A hundred years of division

On 3 May in this, the decade of anniversaries, we reached the hundredth anniversary of the partition of Ireland. Britain partitioned the country to protect its interests—not to protect us from each other but to keep us apart. Divide and conquer, imperialism’s favourite control mechanism, is a device they used everywhere they invade, occupy, and plunder. This article looks at how partition has worked in relation to the health service on both sides of the border.

The National Health Service was introduced in the North—despite opposition from Unionist politicians—by the British Labour government in 1945. It was a great victory for the British working class, a compromise forced on the state to stop the rise of socialism after the Soviet Union had defeated fascist Germany in the Second World War.

It wasn’t long before the NHS came under attack as the state tried to claw back some of the workers’ gains through charging for services. These efforts were defeated, but the attacks continued. When the government failed in attempts to impose charges for health services it changed tactics by privatising large areas of its services, creating massive income and profits for business interests. In recent times £1.6 billion in contracts for personal protective equipment has been given out to companies with links to the Conservative Party.

Despite all this, the National Health Service continues to provide an excellent service to the people in Britain. However, the service provided to the citizens in the North of Ireland is abysmal in comparison. In the five years before the arrival of covid, 22,000 people died while on a hospital waiting-list, with the average waiting period a hundred times longer than in England. One in eight medical positions are unfilled; and, according to the Royal College of Surgeons, the NHS in the North is at the point of collapse. And this is before covid. There are now 327,000 people on-waiting lists; that works out at roughly one in every six people.

In the South there are 830,000 people on waiting-lists, which works out at slightly less than the North. In general, the history of the health service in the South is much worse. With the defeat of Noel Browne’s Mother and Child Service seventy years ago—which would have provided a service similar to the NHS for women and for children up to the age of sixteen—this was the end of all attempts to have a free universal health service for the citizens in the South of Ireland.

This led directly to the two-tier health service that we now have in the South. Qualification for free health services is means-tested, so that only the poorest of citizens qualify, amounting to about one in every three people in the South. This demonstrates the number of poor people in Ireland today. The South of Ireland is the only western European state that does not offer universal primary health care. As a result, 45 per cent of citizens have private health insurance. This leaves about one in four people with neither—the so-called working poor.

During the pandemic both health systems came close to being overwhelmed. Large numbers of hospital procedures were suspended to cope with the pandemic. This has led to a huge increase in the numbers of late-stage cancers now being diagnosed in accident and emergency departments in the North and the South.

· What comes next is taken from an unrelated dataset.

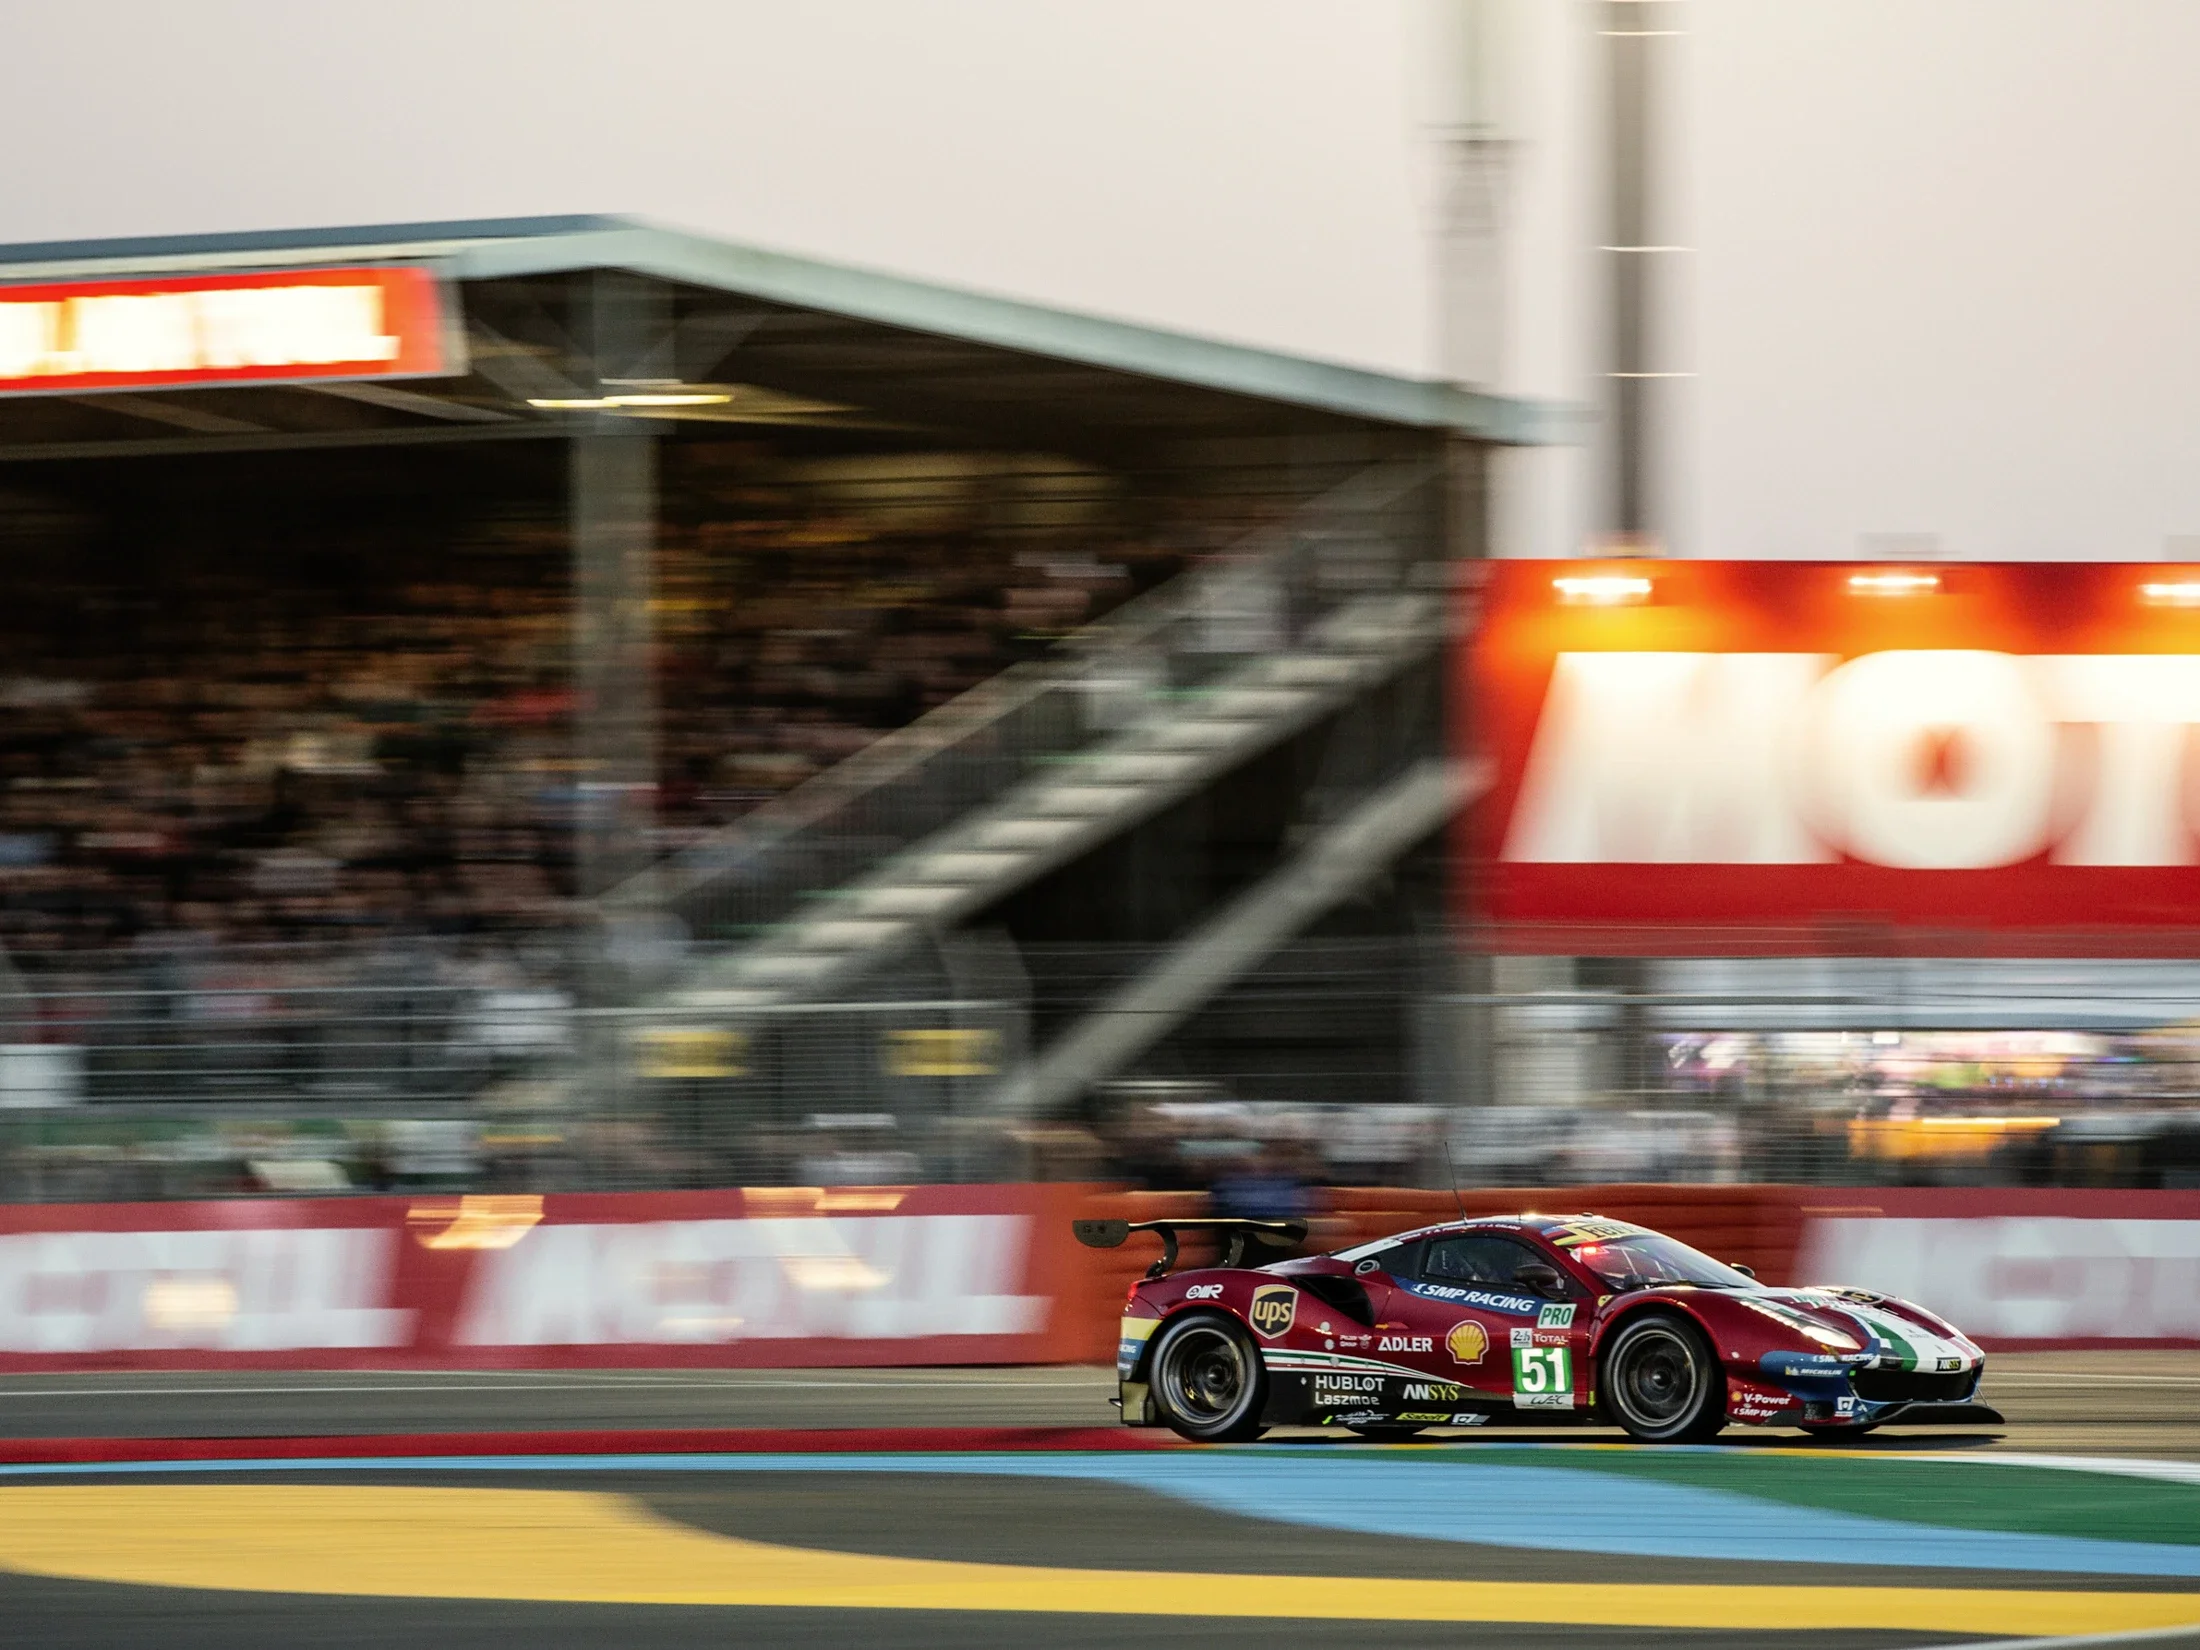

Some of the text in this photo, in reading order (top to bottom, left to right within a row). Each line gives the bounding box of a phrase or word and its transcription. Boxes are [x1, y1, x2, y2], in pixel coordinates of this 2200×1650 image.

Ironically, it was ambulances from the South’s National Ambulance Service that went to the assistance of the NHS in the North in the first wave of the pandemic and again in December 2020, as the NHS was being overwhelmed. Years of underfunding and privatisation have brought the once-magnificent NHS in the North to its knees.

During the pandemic there were two conflicting health strategies in Ireland. This led directly to the death rate from covid-19 in the North being twice that in the South. The rate of vaccination in the North has been much superior to the haphazard efforts in the South; but all the hard work in the North may come to nothing because of the extremely low level and slow pace of vaccination in the South.

Instead of two health services and two health strategies in Ireland, if we had one all-Ireland public health service, with one health strategy, we could have achieved what New Zealand achieved, a country of similar population. In New Zealand there have been 2,600 cases of covid-19, and 26 people have died; in Ireland more than 365,000 people have been infected, and more than 7,000 have died.

These damning figures demonstrate the lunacy of having two health strategies in a country the size of Ireland. It also shows what can be achieved if we have services on an all-Ireland basis.

How much longer do the hospital waiting-lists have to get in the North before citizens realise that Belfast is not as British as Finchley—or that there are no waiting-lists in Finchley.

The British strategy of divide and conquer has lasted, and worked, for a hundred years. The NHS was a great achievement in Britain back in 1945 for the British working class. We have in it a template for building a much better world-class all-Ireland fully funded public health service, free at the point of entry, from the cradle to the grave and everything in between.

The responsibility for child care and care of the elderly falls disproportionately on women. The inclusion of these two services in a new, all-Ireland health service would be a huge improvement and also a significant move towards equality for women. We can improve immensely on the British Labour Party’s framework from 1945; after all, the NHS was designed and set up by a man in a patriarchal society.

Partition and division have hindered, restricted and blocked the unity and the advance of our class for one hundred years. The old, failed allegiances must be left to history. We must form a new allegiance, an allegiance with each other, a unity of our class, coming together to build a much better Ireland, better than London or Dublin would ever allow us to have.

“The old world is dying, and the new world struggles to be born: now is the time of monsters.”